Sweden sour
Swedish industrialist Jacob Wallenberg has caused a ruckus by taking aim at proxy adviser ISS over its criticism of dual-class shares. Wallenberg expressed concern that ISS has indicated it will vote against the reappointment of directors at companies with shares that attach differential voting rights.
“There is a reason why all shareholders have agreed to this set-up. I don’t see why a third party should force through a change because they have a different view.”
The Financial Times points out that almost three-quarters of the market cap on Stockholm’s stock market is at companies with dual-class shares. A minor issue then for Sweden.
Passing the mega bucks
Executive pay is a constant debate, but what about CEOs booted out in the event of a merger deal? Turns out so-called “golden parachute” severance deals in the US are rising in value but so is investor opposition. A study by ISS has found that high-value exits are becoming costly, with the median value rising 62% year on year in 2022 from $7.9m to $12.9m. That’s a lot of dollars for someone being shown the door.

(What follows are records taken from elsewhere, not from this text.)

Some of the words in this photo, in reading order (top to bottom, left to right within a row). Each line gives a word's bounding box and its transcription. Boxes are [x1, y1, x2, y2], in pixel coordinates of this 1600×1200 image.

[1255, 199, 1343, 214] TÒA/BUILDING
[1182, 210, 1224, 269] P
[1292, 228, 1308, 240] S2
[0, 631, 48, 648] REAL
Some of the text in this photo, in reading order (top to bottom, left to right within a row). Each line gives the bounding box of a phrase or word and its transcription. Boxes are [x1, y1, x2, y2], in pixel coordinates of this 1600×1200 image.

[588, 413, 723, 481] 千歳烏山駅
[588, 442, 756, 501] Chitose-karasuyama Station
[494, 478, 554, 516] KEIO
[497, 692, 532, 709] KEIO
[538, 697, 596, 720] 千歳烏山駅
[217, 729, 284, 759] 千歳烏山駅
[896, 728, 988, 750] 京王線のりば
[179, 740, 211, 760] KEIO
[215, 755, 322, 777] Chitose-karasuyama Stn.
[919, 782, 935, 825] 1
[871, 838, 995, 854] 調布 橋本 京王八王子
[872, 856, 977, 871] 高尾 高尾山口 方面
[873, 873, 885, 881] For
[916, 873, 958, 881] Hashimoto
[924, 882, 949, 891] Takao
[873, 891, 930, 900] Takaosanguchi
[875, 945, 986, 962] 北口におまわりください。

It also turns out that the shareholder votes against parachutes are rising. ISS said the “failure rate” of boards in such votes—they’re advisory, not mandatory—has risen from 11.8% to 15.6%.
Subodh Mishra of ISS writes: “The magnitude of golden parachute payments appears to be a significant factor in many investors’ voting decisions.” No kidding.

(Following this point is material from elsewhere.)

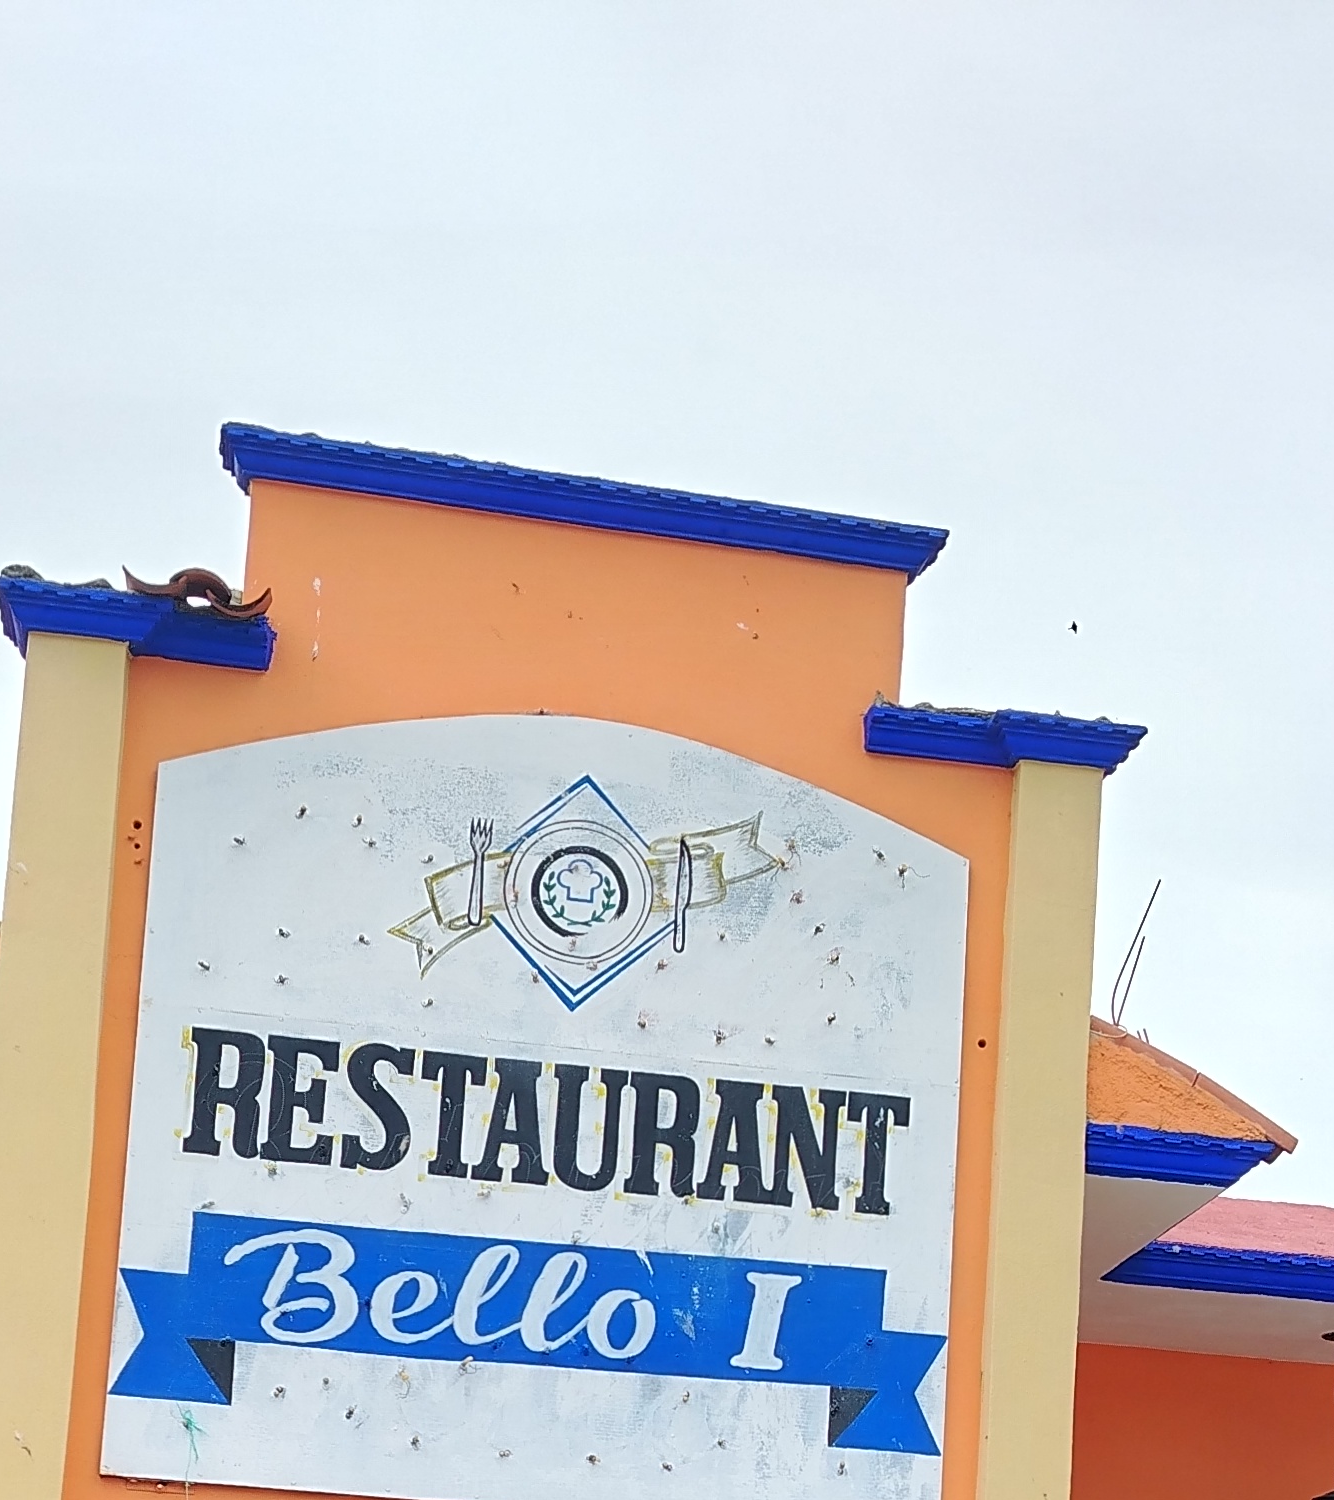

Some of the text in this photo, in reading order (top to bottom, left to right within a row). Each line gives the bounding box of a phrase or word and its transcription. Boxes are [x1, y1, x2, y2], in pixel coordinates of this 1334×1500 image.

[182, 1027, 911, 1215] RESTAURANT
[224, 1229, 802, 1370] Bello I

Greenwashing is ‘prevalent’
Just in case you thought we had forgotten about climate and business, there is the news from US market research group The Harris Poll and Google Cloud that global executives believe “greenwashing” is prevalent in their industries. According to a Wall Street Journal report, Harris has found that 75% of 1,500 executives in 17 countries believe “most” organisations would be found to be greenwashing if probed.

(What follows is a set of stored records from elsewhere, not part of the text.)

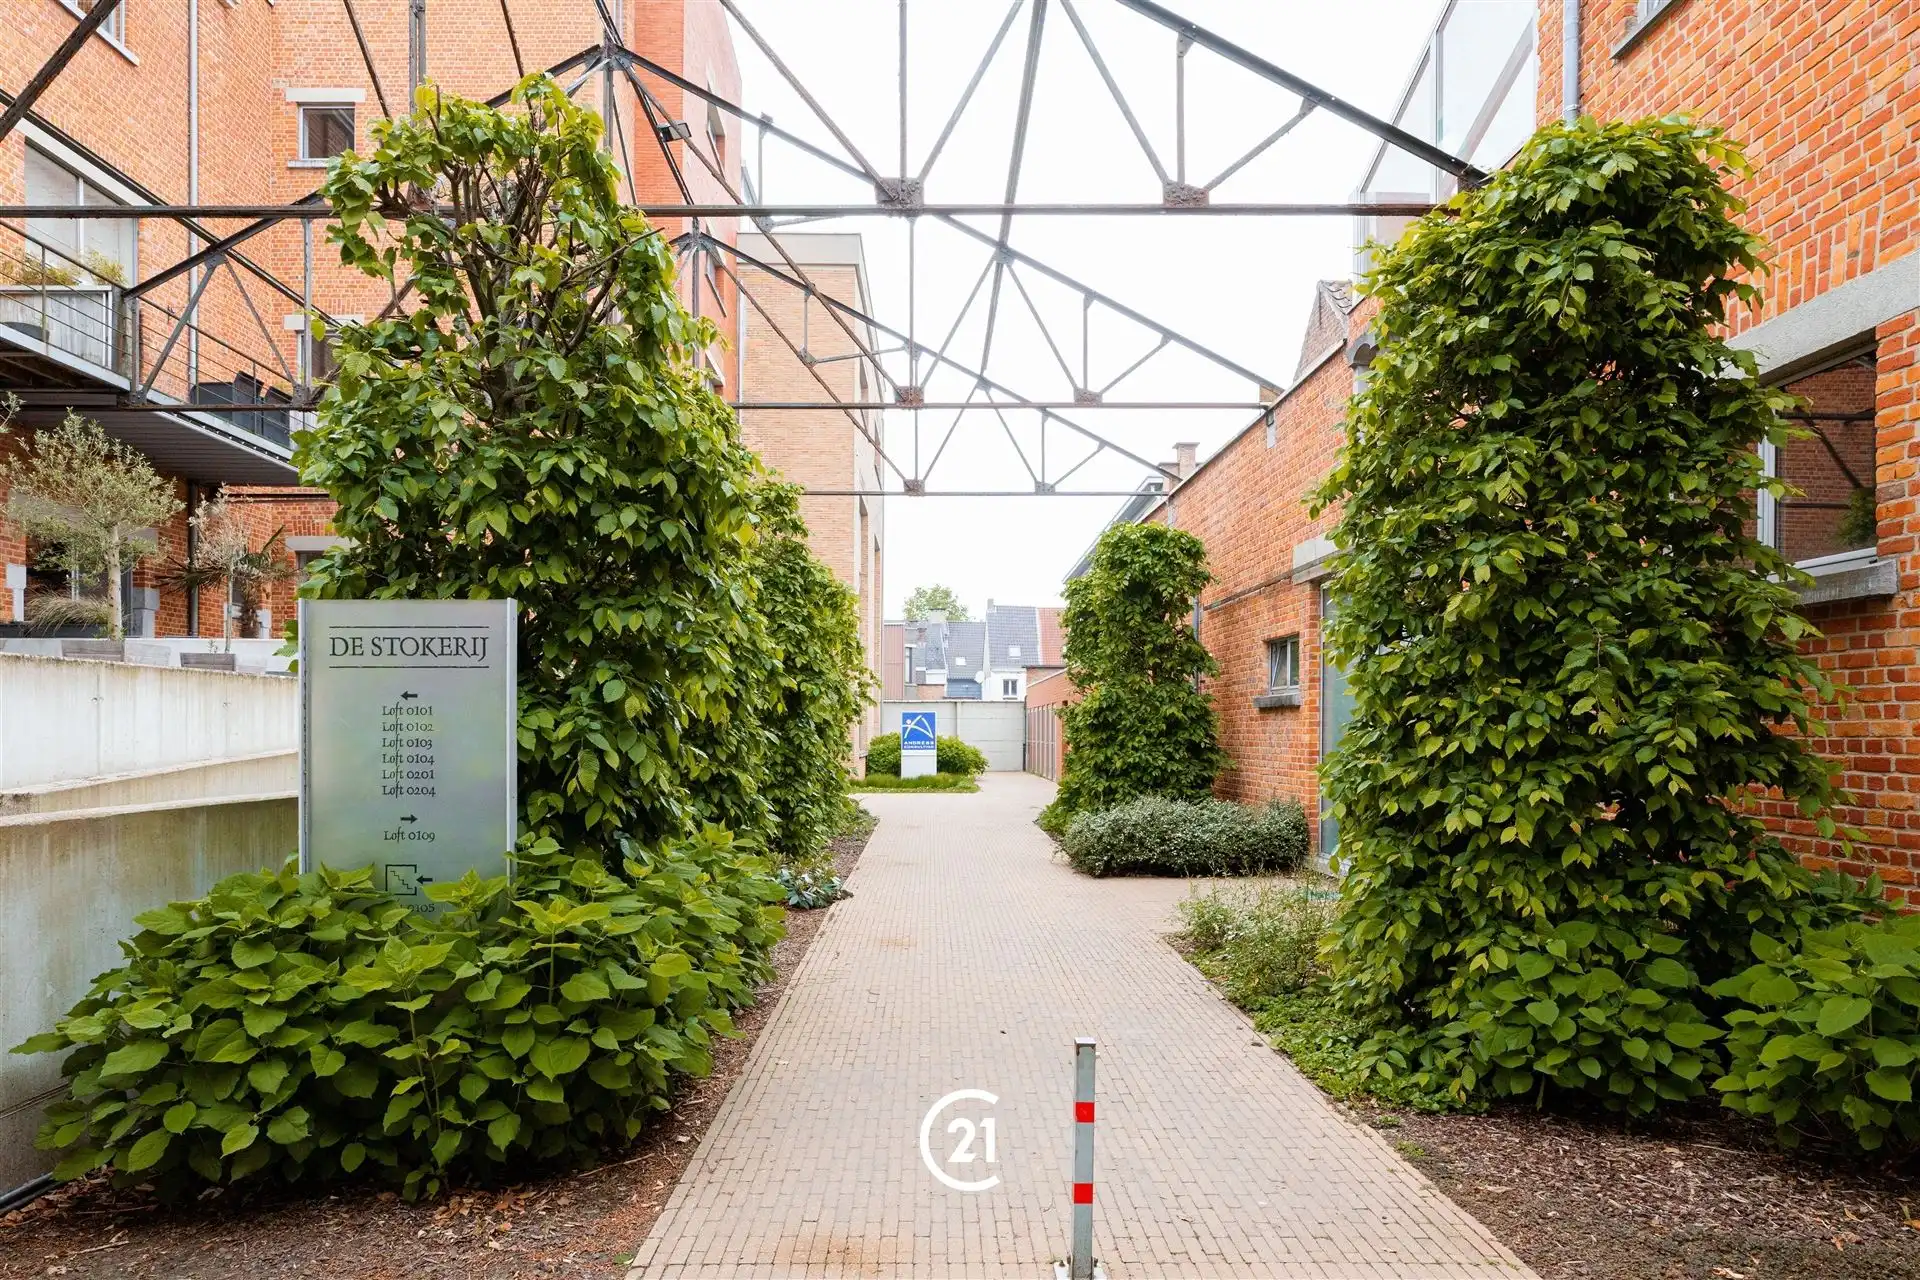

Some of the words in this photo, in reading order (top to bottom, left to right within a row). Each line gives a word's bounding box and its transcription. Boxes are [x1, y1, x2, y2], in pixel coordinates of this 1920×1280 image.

[329, 636, 364, 657] DE
[371, 636, 489, 662] STOKERIJ
[382, 701, 404, 719] Loft
[406, 705, 434, 716] 0101
[382, 718, 404, 735] Loft
[406, 722, 435, 732] 0102
[382, 734, 404, 751] Loft
[406, 737, 433, 750] 0103
[382, 750, 404, 767] Loft
[406, 753, 435, 765] 0104
[382, 765, 404, 782] Loft
[406, 769, 435, 780] 0201
[382, 781, 404, 799] Loft
[406, 786, 436, 798] 0204
[383, 826, 406, 844] Loft
[408, 831, 436, 843] 0109

Meanwhile, Kate Brandt, chief sustainability officer at Google Cloud, appears to have a little more faith in her corporate colleagues, telling WSJ that, although there were companies “overstating” their green credentials, “for the most part companies are sincere—they’ve set their goals, they’re working towards them, but they don’t always have the data to be transparent”.
Harbour rights
Staying with climate, a leading legal eagle argues that US companies should receive a “moratorium” from litigation based on new mandatory climate risk disclosure rules about to be introduced by the US Securities and Exchange Commission.
Virginia Harper Ho, a law prof at City University in Hong Kong, writes for the Oxford governance blog that current “safe harbor” rules are not enough when companies begin to grapple with climate disclosure. “Litigation risk is therefore another potential cost of the new rules and could discourage the kind of more precise risk disclosure the new rules are designed to produce,” she writes.
Breaking up is hard to do
Good news! If your auditor is EY and you were worried what would happen to your reencounters after the firm announced a split last May, fear no longer. The split is off.
After announcing a pause in “split” planning (a process in which the firm’s audit arm would formally divorce from most other services including the big one: consulting), it seems the whole separation is off.
Many news outlets report this week that a permanent end to planning was declared after it proved too difficult to resolve which services would join the separate arms of the newly independent businesses and what compensation some of the partners would receive. The Financial Times says the big bone of contention was how many tax partners would stay with audit versus joining the consultancy.
The Times says EY chair, Carmine Di Sibio, and his team struggled to “garner enough support from partners, especially those in the US, to push through the deal”. Meanwhile, the FT reports the firm will “embark on a $500m cost-saving programme” instead. That should be a useful diversion.